Practical example: Say you have code that is practically dead 
code and has an infinite loop. It’s practice never reached (or 
provably unreachable, but the compiler doesn’t detect it). 
Everything compiles and is fine. Now we make the infinite loop an 
error, when it’s detected after optimization. The optimizer 
doesn’t reduce it enough, so still everything compiles and is 
fine. In a later compiler version, the optimizer is improved, and 
now the loop is detected and the build fails. This is not a great 
user experience.

It’s totally another thing if it’s a warning.

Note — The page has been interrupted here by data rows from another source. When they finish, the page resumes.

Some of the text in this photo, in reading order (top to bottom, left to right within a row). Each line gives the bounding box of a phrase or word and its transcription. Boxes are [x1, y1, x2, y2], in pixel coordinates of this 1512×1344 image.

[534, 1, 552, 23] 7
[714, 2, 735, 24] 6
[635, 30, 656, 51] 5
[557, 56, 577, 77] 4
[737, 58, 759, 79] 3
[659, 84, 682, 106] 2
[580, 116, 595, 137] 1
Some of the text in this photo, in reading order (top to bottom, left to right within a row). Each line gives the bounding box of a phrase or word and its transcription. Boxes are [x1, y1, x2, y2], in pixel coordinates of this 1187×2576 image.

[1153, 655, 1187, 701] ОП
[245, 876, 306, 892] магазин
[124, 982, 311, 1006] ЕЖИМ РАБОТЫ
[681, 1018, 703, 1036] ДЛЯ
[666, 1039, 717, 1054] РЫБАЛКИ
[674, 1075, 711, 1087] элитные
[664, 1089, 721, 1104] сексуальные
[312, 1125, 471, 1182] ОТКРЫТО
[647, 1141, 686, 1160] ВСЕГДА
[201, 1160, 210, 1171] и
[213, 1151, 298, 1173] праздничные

It’s totally another thing if the detection is in the front end, 
the changelog mentions an improvement to infinite loop detection 
and the code falls under it.
If my boss asks my why the build failed, I could point to the 
compiler update and the changelog.

> It ought to be possible because the backend can spot a pattern 
> like "L1:  jmp  L1".

* If it comes from the front-end and is consistent among 
compilers and optimization levels, it should be an error. It 
could be a warning, but the no-warnings policy applies.
* If it comes from the back-end, it should be a warning.

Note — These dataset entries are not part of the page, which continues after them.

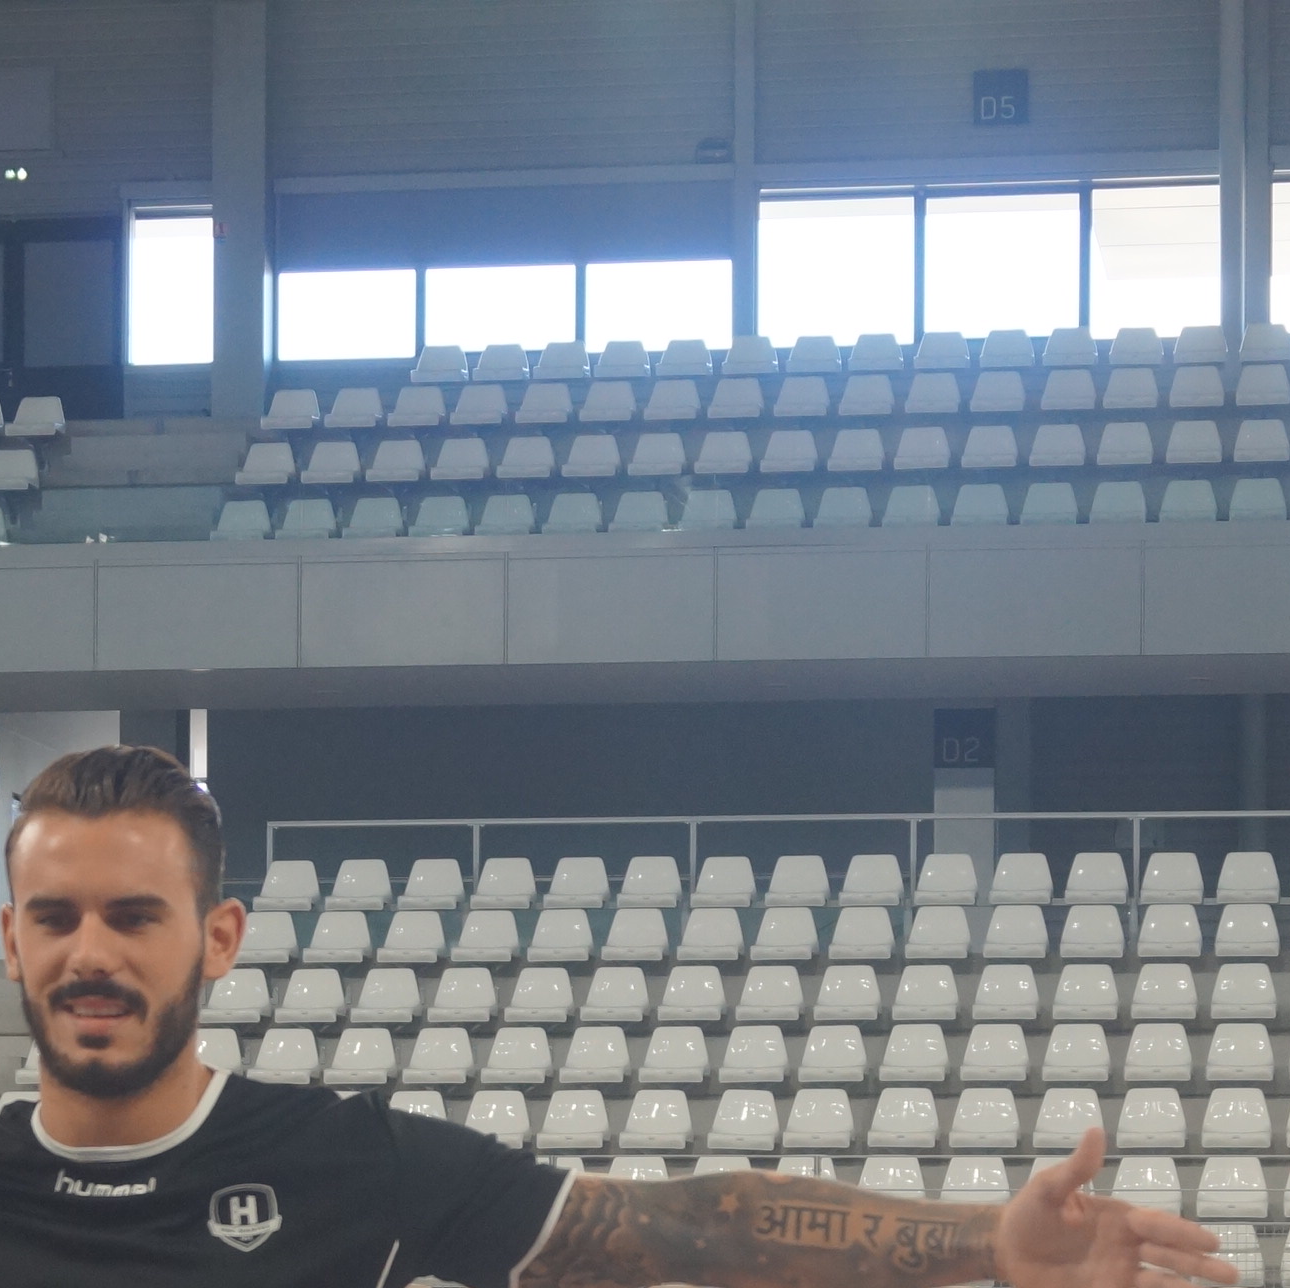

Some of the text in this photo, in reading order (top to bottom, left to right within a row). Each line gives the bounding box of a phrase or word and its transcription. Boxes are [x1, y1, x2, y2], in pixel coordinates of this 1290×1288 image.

[980, 95, 1016, 120] D5
[942, 735, 980, 763] D2
[755, 1204, 851, 1243] आमा
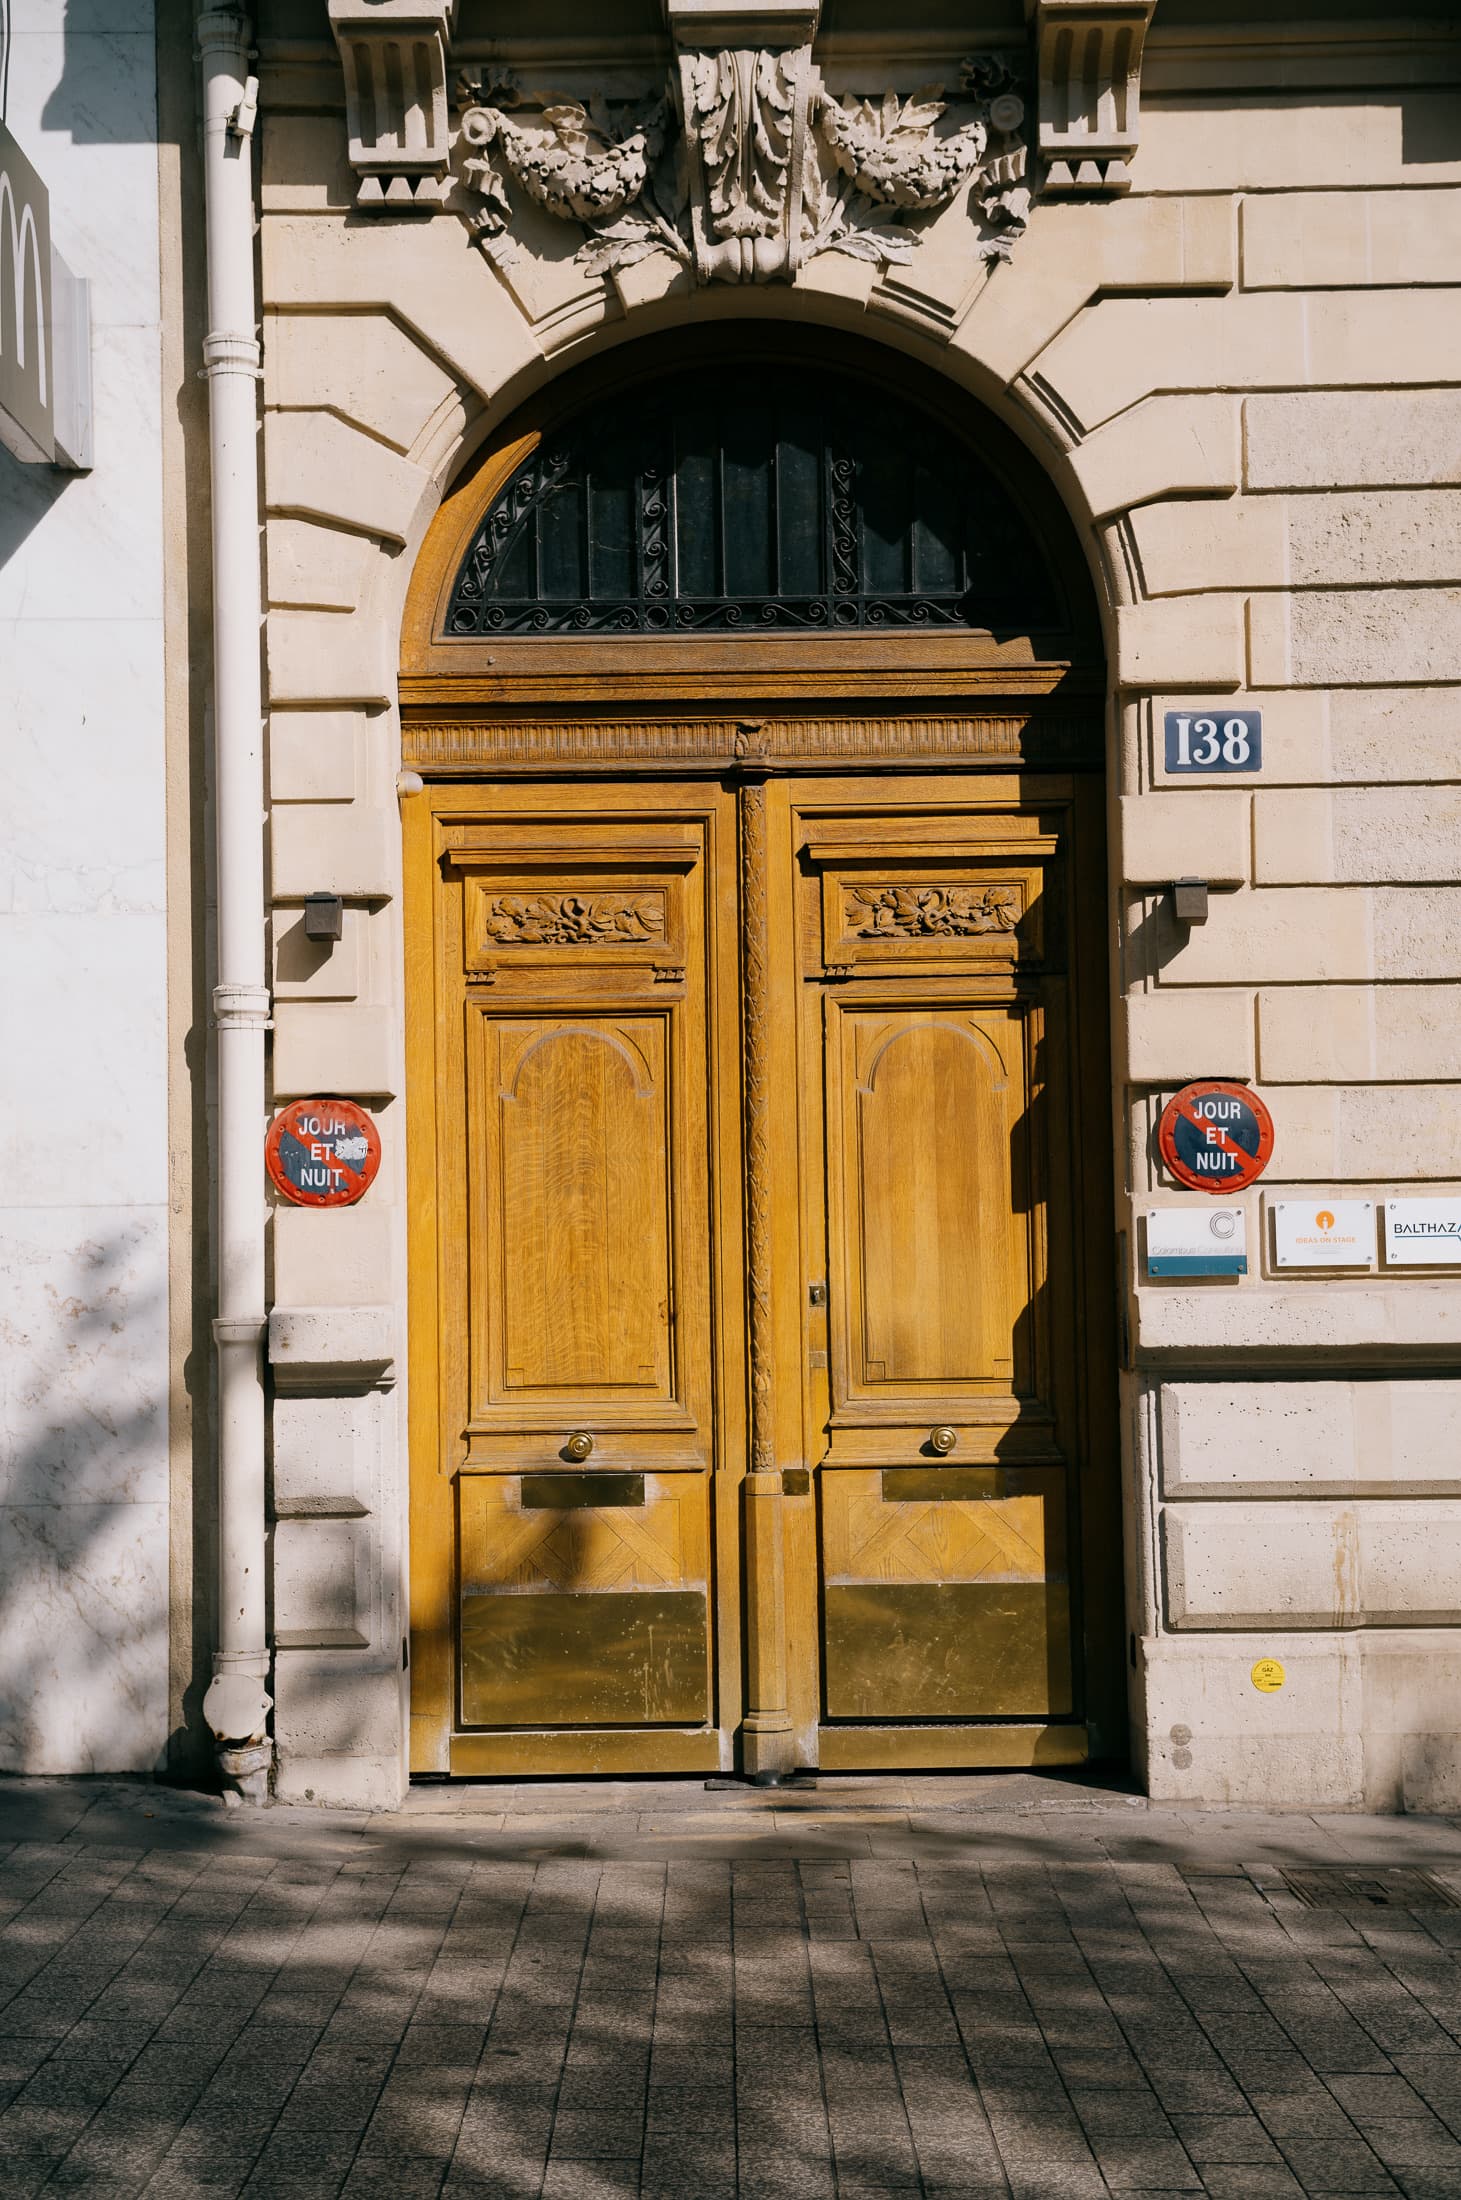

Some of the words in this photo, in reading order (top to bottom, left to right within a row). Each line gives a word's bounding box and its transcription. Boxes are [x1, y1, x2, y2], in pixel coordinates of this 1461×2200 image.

[1176, 718, 1250, 765] 138
[1193, 1101, 1241, 1120] JOUR
[298, 1117, 346, 1136] JOUR
[1206, 1127, 1228, 1145] ET
[310, 1143, 334, 1161] ET
[1196, 1152, 1239, 1171] NUIT
[300, 1169, 344, 1187] NUIT

> I promise I’m not trying to solve the Halting Problem.

The Halting Problem can be solved in special cases. It is 
perfectly reasonable to ask for best-effort solutions. `@safe` is 
one of them.

A crucial component is `pure`, which D fortunately already has. A 
quick sketch would be:
* A loop with a constant-`true` condition is infinite if it 
contains no `break`. It has definitely no observable effects if 
all operations in it are `pure`.
* A function definitely recurses infinitely if the only reachable 
`return` statements lead to a recursion. It has no observable 
effects if all operations between the function entry and those 
`return` statements are `pure`.

In contrast to `@safe`, which is an under-approximation, the 
infinite loop detection is an over-approximation. By that I mean 
that – accepts-invalid bugs aside – code that is `@safe` today 
will remain `@safe` in the future; code that today isn’t `@safe` 
but would be valid as `@trusted` today might be `@safe` in 
v2.142.1. The `@safe` checks reject code that *might* be unsafe. 
The infinite loop detection wouldn’t reject code that *might* be 
an infinite loop (there are languages that do that; e.g. 
[Coq](https://en.wikipedia.org/wiki/Coq) guarantees termination); 
it would reject some code that *definitely* is an infinite loop. 
And with improvements, there might be more and more (not less and 
less) cases that will be detected as *definitely* an infinite 
loop.

DMD neither detects `while(1){}` nor `int f(int x) => f(x);`. 
Those would be bare-minimum test cases. You get an error for the 
latter if you make the return type `auto`, so there is something 
to work with. `auto` return type detection accounts for infinite 
loops, even via mutual recursion (e.g. `f` calls `g`, `g` calls 
`h`, `h` calls `f`).

Actually, you can count the fact that, in D, an empty statement 
is invalid for loop bodies, is a measure against unintentional 
infinite loops: `while (cond());` in usual C++ compilers triggers 
an infinite-loop warning; in D, it’s syntactically invalid.